No voy a contar nada de la novela, nada en absoluto más allá de lo que dice la sinopsis. Solo voy a decir que me ha encantado. Me ha parecido que tiene un ritmo estupendo, que la historia te atrapa y te lleva en volandas y que el contarte la vida de María Montessori a través de otro personaje, Claudia, es todo un acierto.

Normalmente se me hacen pesadísimas las novelas en primera persona, pero no ha sido el caso de esta, al contrario.

Si queréis un libro bonito, entretenido, con ritmo, de esos que quieres tener un rato para leer, este es uno de ellos.

Palabra.

jueves, 11 de agosto de 2022

LAS ÚLTIMAS PALABRAS

Estoy terminando dos historias y me está costando mucho encontrar las últimas palabras, las que pongan un perfecto broche final.

Me he dado cuenta de que empezar algo es siempre sencillo. Es como tener delante una hoja en blanco en la que cabe cualquier cosa, a la que se puede dar la forma que se quiera. Uno habla, o escribe, o dibuja y los primeros trazos son solo una promesa de lo que va a venir a continuación.

El problema es cuando se llega al final, a los últimos retoques. A eso que obliga a ajustarlo todo para que nada chirríe en el dibujo, en la historia, en la conversación.

Una historia, aunque me lleve tiempo, conseguiré terminarla bien. Es lo que tiene la modernidad, que los procesadores de textos permiten reescribir sin tachones, volver a poner en claro cuando, por lo que sea, una frase ha vuelto turbio algo. Se tarda más o menos, depende del tiempo que tengas y de lo despejada que esté tu cabeza, pero se consigue.

Con lo que se dibuja ya es otro tema. Aunque se borre un trazo, aunque se ponga más pintura encima, siempre queda debajo la mancha del error y es casi imposible disimularlo. A poco que se rasque, aparece de nuevo. No hay goma de borrar para eso.

La segunda historia se parece a esos dibujos llenos de enmiendas y la necesidad de terminarla es algo personal. No sirve para nada, lo sé desde hace tiempo, pero una es cabezota y quiere no dejarse historias sueltas porque la vida me ha enseñado que te persiguen. 

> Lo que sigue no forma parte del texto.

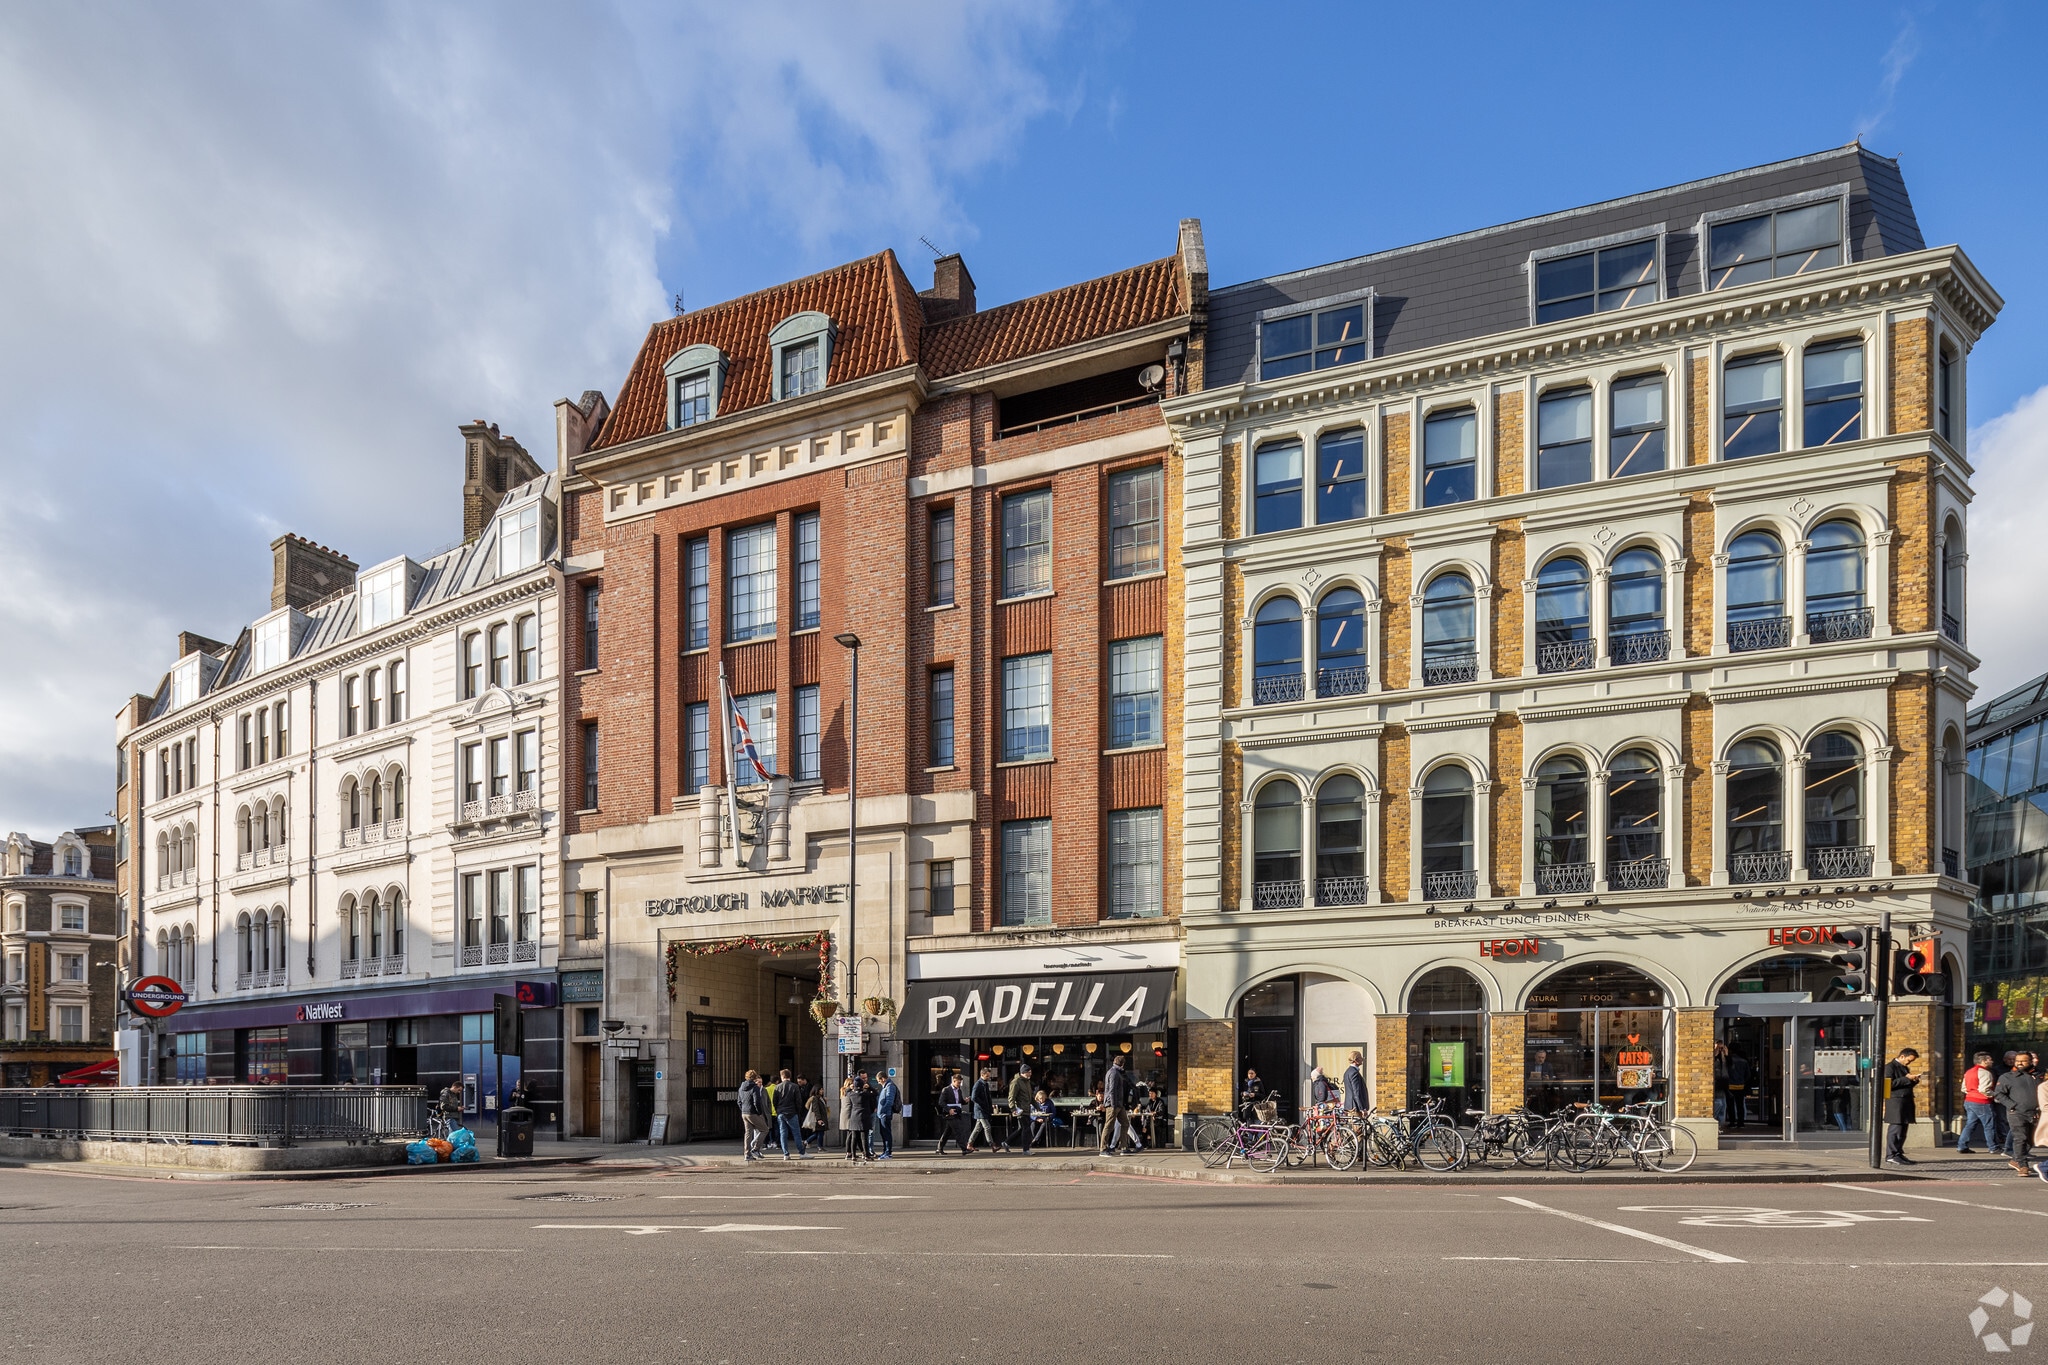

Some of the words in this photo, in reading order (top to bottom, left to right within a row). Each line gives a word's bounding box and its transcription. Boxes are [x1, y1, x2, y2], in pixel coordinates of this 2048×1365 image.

Solo a lo que se pone final, se acaba.

Así que escribo, aunque apenas tenga tiempo. Aunque sean fiestas y lo haga con la atormentante música de los coches de choque y a horas que no son normales. Cierro tramas, ato hilos por detrás de mi bastidor para darle la vuelta y observar la obra.

Una la pondré en la pared, enmarcada.

La otra la arrinconaré en alguna parte, terminada también.

No se puede empezar nada nuevo con éxito si no se termina lo anterior.